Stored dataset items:
● ● ● ● ● ● ●

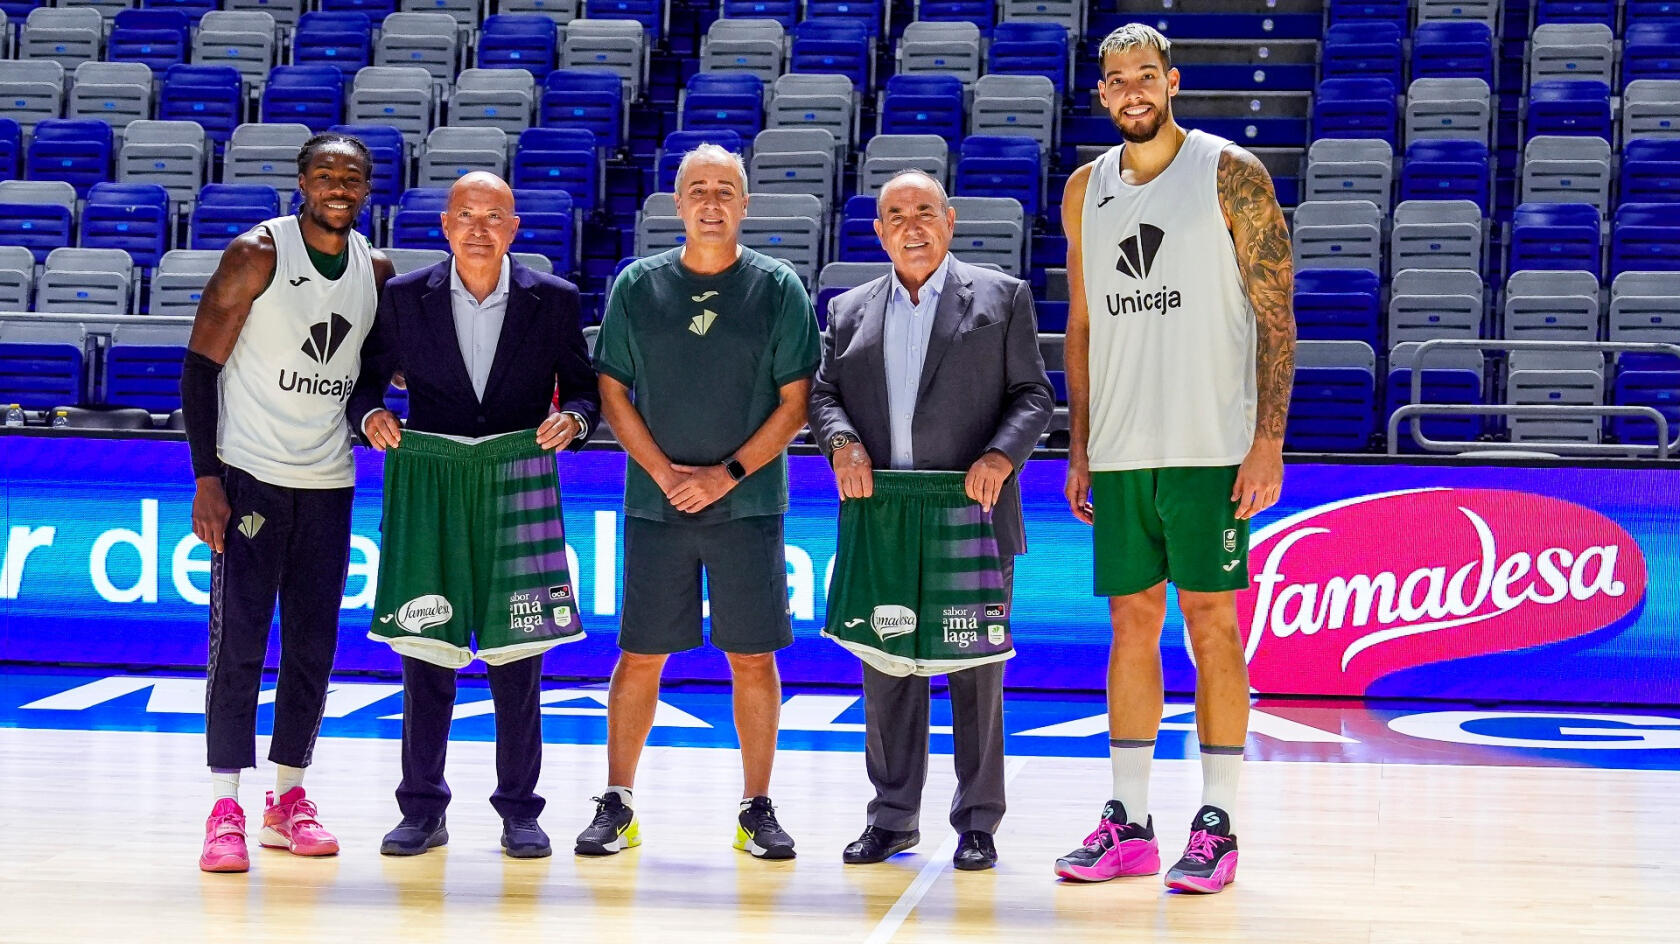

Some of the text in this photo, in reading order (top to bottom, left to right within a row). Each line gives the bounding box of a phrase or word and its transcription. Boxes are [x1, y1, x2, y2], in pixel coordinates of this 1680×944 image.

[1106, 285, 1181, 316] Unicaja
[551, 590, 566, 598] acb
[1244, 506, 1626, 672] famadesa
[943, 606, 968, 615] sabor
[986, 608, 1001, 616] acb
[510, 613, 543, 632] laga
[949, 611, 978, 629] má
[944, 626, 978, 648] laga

● ● ● ● ● ● ●

> Directions:
All entries above, minus the pictures, should be repeated exactly.

> Answer section:
Some of the text in this photo, in reading order (top to bottom, left to right within a row). Each line gives the bounding box of a phrase or word and its transcription. Boxes are [x1, y1, x2, y2], in pixel coordinates of this 1680×944 image.

[1106, 285, 1181, 316] Unicaja
[551, 590, 566, 598] acb
[1244, 506, 1626, 672] famadesa
[943, 606, 968, 615] sabor
[986, 608, 1001, 616] acb
[510, 613, 543, 632] laga
[949, 611, 978, 629] má
[944, 626, 978, 648] laga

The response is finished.